BANDAR SERI BEGAWAN — The Ministry of Finance and Economy has unveiled the Brunei Darussalam Economic Blueprint, which sets goals to help the country move from a highly dependent oil and gas economy to a dynamic and sustainable economy.
The economic blueprint, which was released on Wednesday, acts as a guide for achieving Wawasan Brunei 2035 targets.
It also aims to provide more meaningful and high-value employment opportunities as well as harness the latest technology in line with the Fourth Industrial Revolution.
Four main national goals have been identified:
- High and sustainable economic growth that is not affected by any economic uncertainties;
- Economic diversification to increase the contribution of the non-oil and gas sector;
- Macroeconomic stability, including moderate inflation, fiscal sustainability and trade surplus; and
- Low unemployment rate.
The document stated that the country’s heavy dependence on oil and gas is reflected in its low economic growth and high unemployment rate.
“The importance of this blueprint is more apparent considering that we have yet to fulfill the four national economic outcomes with the country experiencing low economic growth compared to neighbouring countries in recent years,” it added.
The 38-page economic blueprint has also outlined six aspirations essential in achieving the goals.
Productive and vibrant businesses
Five priority sectors have been targeted for growth: downstream oil and gas, food, tourism, info-communications and technology (ICT) and services.
Since 2010, the non-oil and gas private sector grew 2.6 percent on average. However, its overall contribution to national GDP was less than 30 percent.
To create productive and vibrant businesses, the blueprint calls for Bruneian-owned businesses to be ambitious and driven to grow through increased collaboration and explore new market opportunities.
One of the strategic priorities outlined in the blueprint is promoting internationalisation of companies by facilitating and assisting local business to export their products and expand their operations overseas.
Brunei’s number of micro, small and medium enterprises (MSMEs) increased 3.4 percent from 2015 to 2019.
Skilled, adaptable and innovative people
The blueprint also outlined five strategic priorities to ensure Brunei’s workforce is ‘future-ready’.

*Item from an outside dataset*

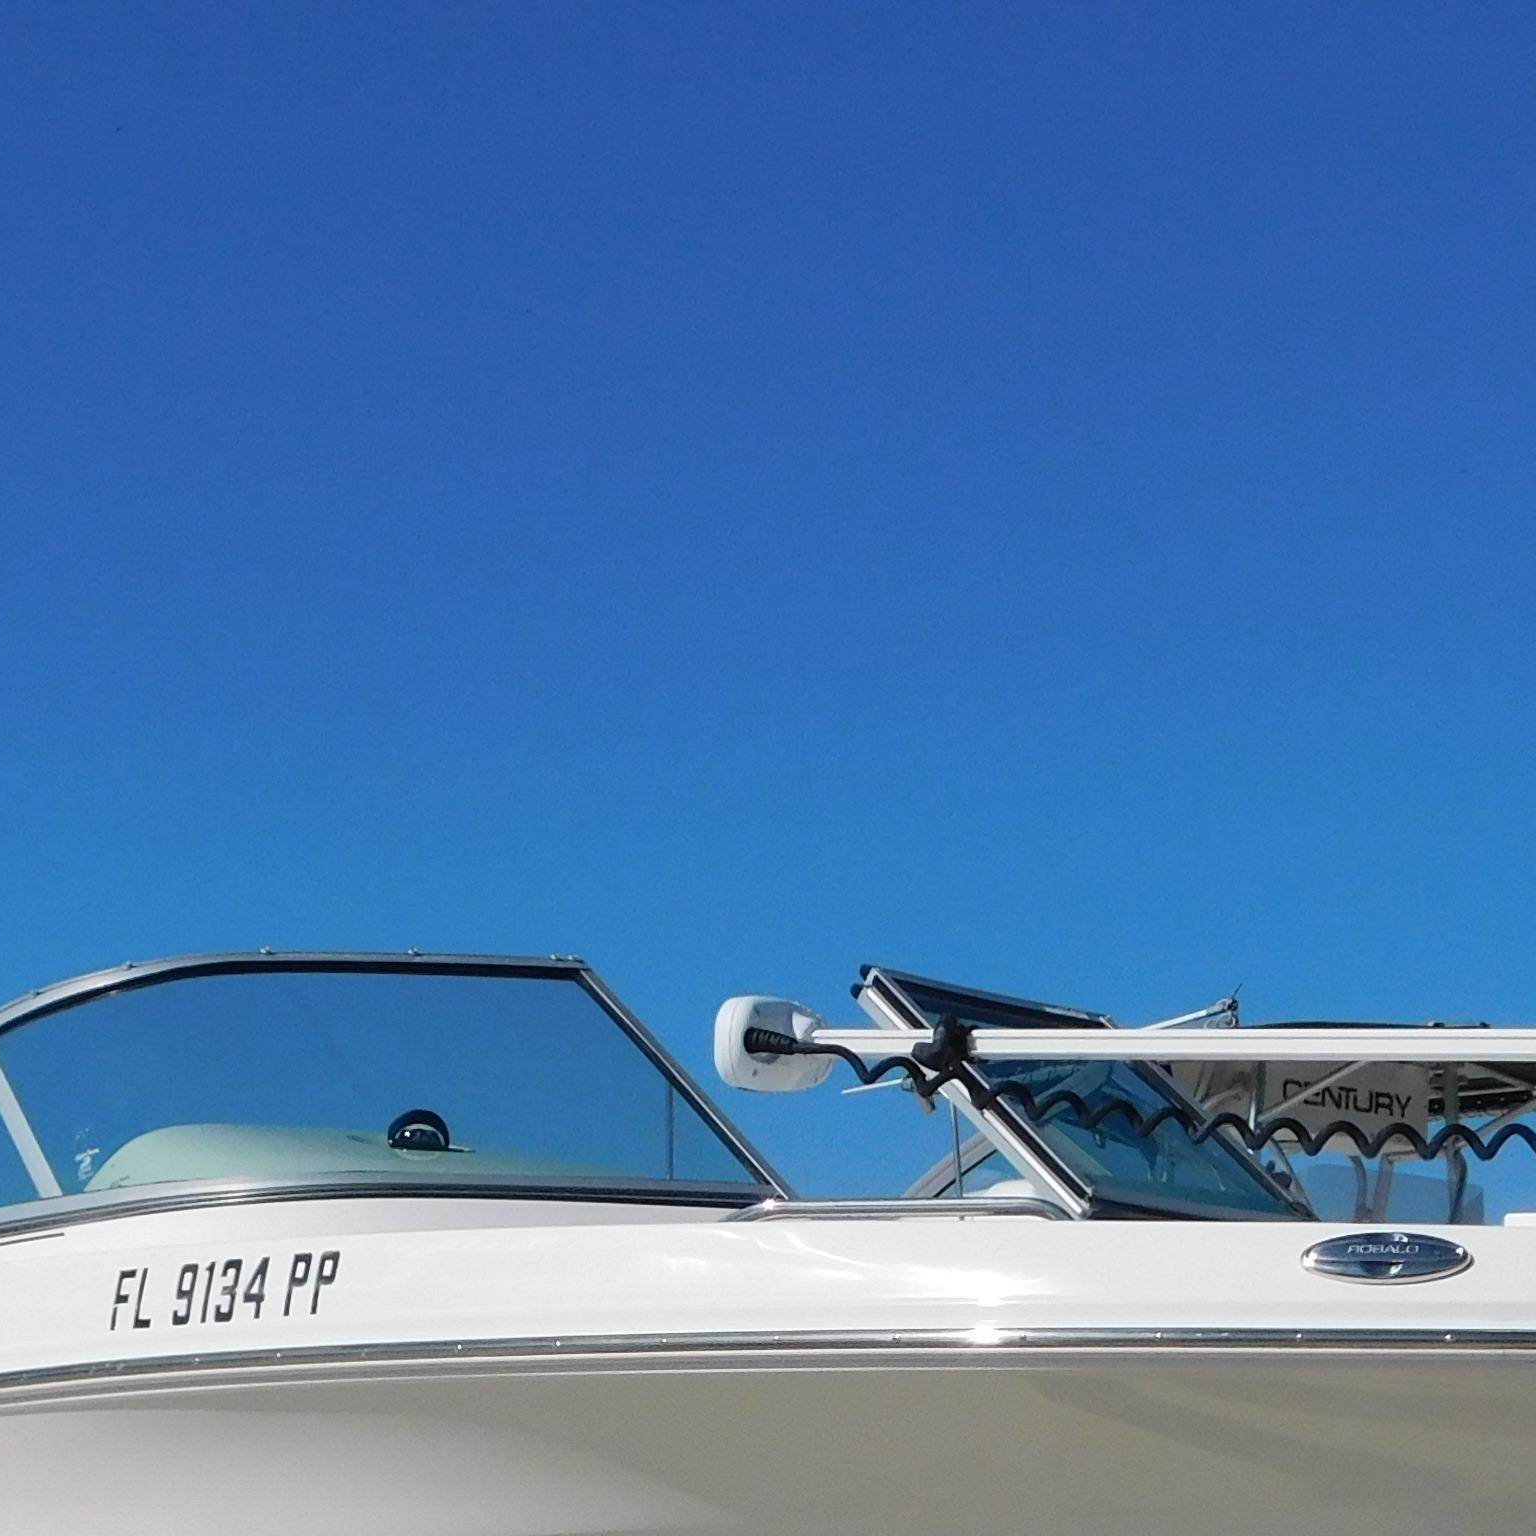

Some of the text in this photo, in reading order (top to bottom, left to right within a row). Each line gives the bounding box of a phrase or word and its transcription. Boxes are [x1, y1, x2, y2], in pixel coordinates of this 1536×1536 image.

[1347, 1244, 1419, 1254] ROBALO
[110, 1250, 340, 1331] FL 9134 PP

One of the strategies include ensuring people are receptive and adaptive to global trends, while giving full support to national initiatives.
There is also a need to instill creative, entrepreneurial and innovative traits across society to ensure that businesses and the people can develop new technologies, ideas and products.
In 2019, a total 147,442 locals were employed. Of that figure, 49.5 percent (73,023) worked in the public sector.
Brunei’s unemployment rate stood at 6.8 percent in 2019, with its highest jobless rate at 9.3 percent in 2011 and 2017.
Open and globally-connected economy
Brunei will be positioned as an investment and trade-friendly destination to establish new trade opportunities and attract FDIs.
More market access opportunities will be sought to improve assist local businesses in expanding to foreign markets.
Exports of goods and services account for about 60.5 percent of the total GDP in the last 10 years.
As of 2019, FDI stock in Brunei amounted to $9.6 billion.
Brunei will remain mindful of the preservation of the environment in pursuit of economic progress, including venturing into sustainable development such as green technology and the blue economy.
The blueprint stressed on the importance of promoting research, development and innovation to develop and adopt eco-friendly and resource-efficient technologies; and limiting land and environmental degradation in any economic development activities.
Seventy-two percent of Brunei’s land area are covered by pristine rainforests while 20 percent of its total sea area has been designated as a marine protected area.
High quality and competitive economic infrastructure
To ensure businesses have the capacity to grow, the blueprint states that providing quality and competitive economic infrastructure is critical.
Having a well-connected, reliable and convenient land, sea and air transportation network can facilitate efficient movement of goods and services as well as people, it added.
Better digital infrastructure will also improve readiness and accessibility as well as the country’s quality of life, productivity, inter-connectivity and staying relevant in the fast-changing economic environment.
Good governance and public service excellence
The country also aims to improve its public service delivery by ensuring transparent and accountable governance.
This means free flow of information as well as responsible decision-making and enforcement involving governmental institutions, the private sector and civil society organisations.
The economic plan stated that it is necessary to have a strong legal system with updated laws and regulations to promote a conducive business environment.